What is needed is an exact copy of the listing, with no pictures in it.

§ SOURCE DATA
________________

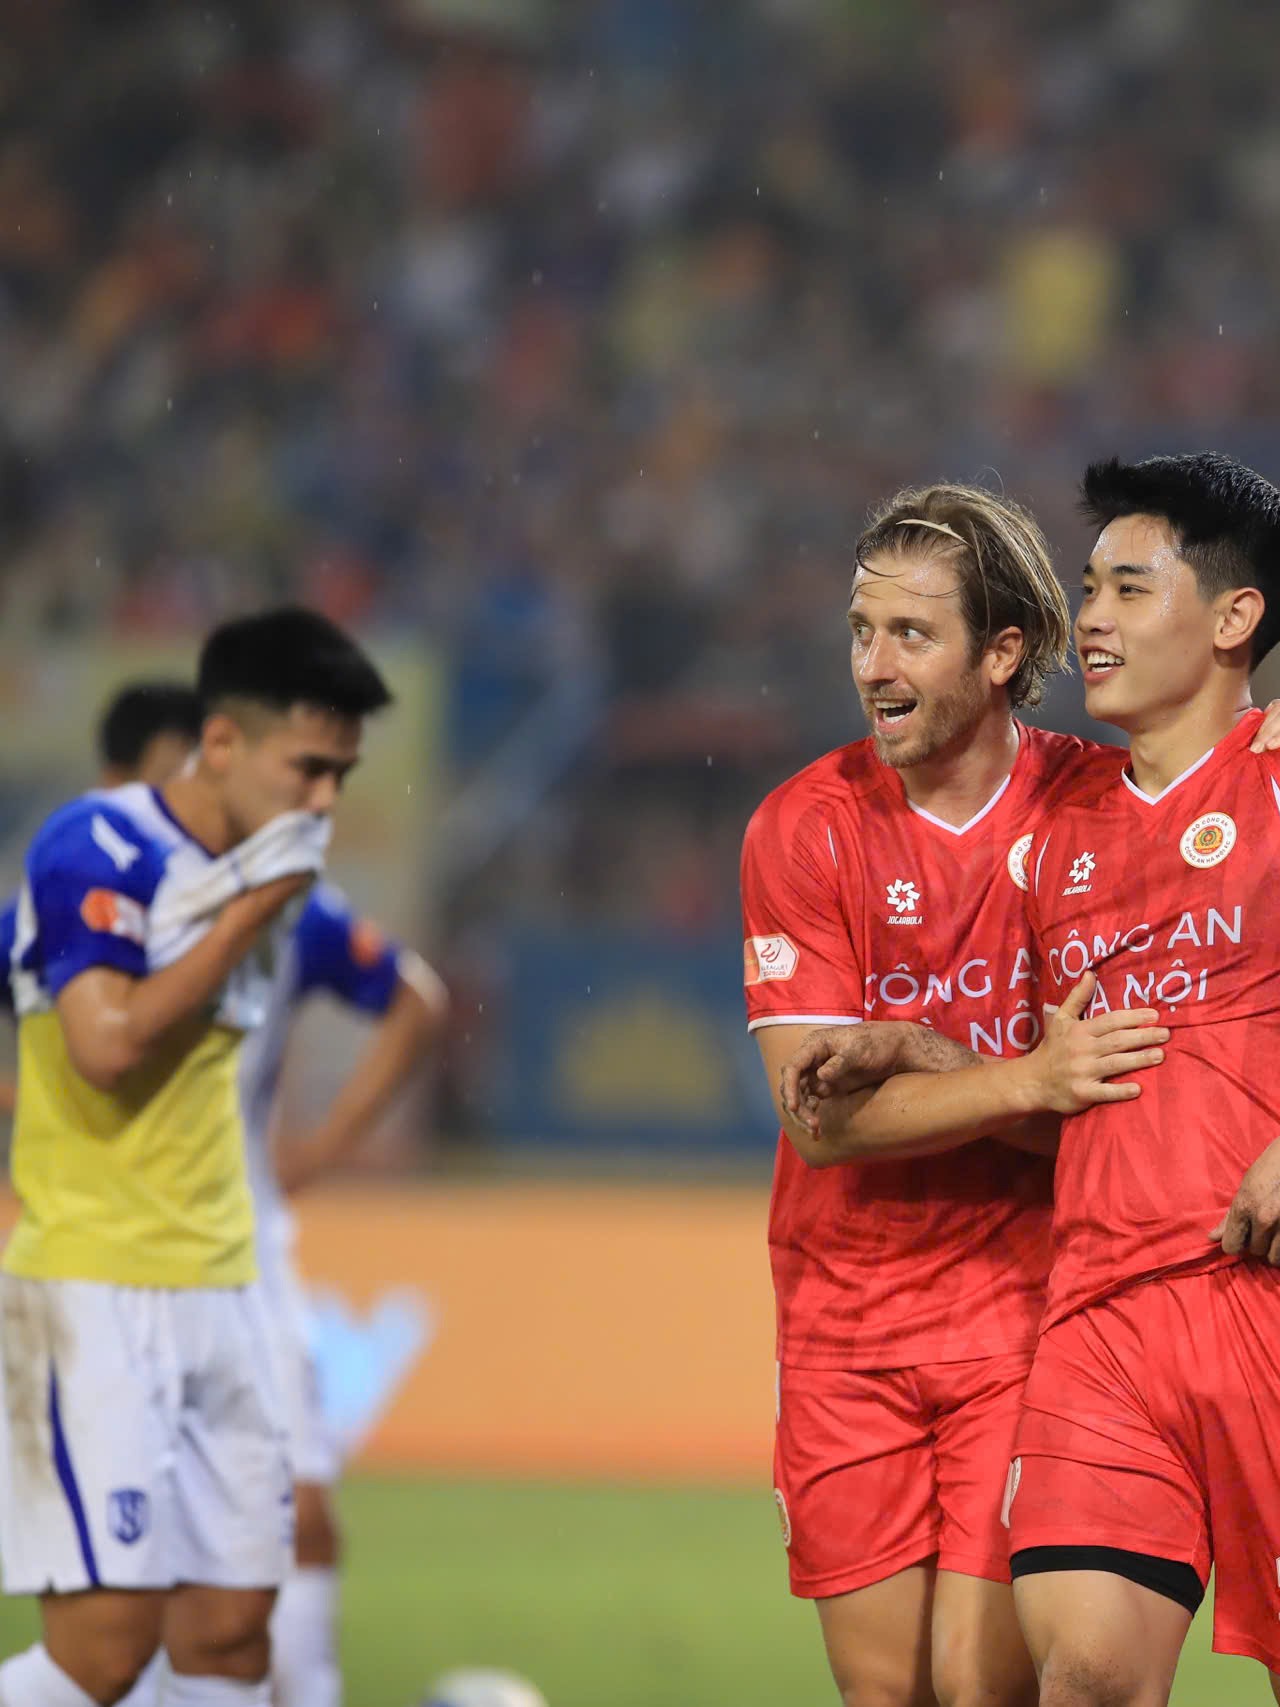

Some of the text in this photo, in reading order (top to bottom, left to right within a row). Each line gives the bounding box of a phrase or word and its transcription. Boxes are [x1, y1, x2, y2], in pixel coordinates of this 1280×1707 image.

[886, 915, 923, 925] JOGARBOLA
[1048, 905, 1243, 986] CÔNG AN
[864, 947, 1039, 1012] CÔNG A
[1123, 959, 1209, 1013] NỘI

________________

§ EXERCISE ANSWER
Some of the text in this photo, in reading order (top to bottom, left to right within a row). Each line gives the bounding box of a phrase or word and its transcription. Boxes are [x1, y1, x2, y2], in pixel coordinates of this 1280×1707 image.

[886, 915, 923, 925] JOGARBOLA
[1048, 905, 1243, 986] CÔNG AN
[864, 947, 1039, 1012] CÔNG A
[1123, 959, 1209, 1013] NỘI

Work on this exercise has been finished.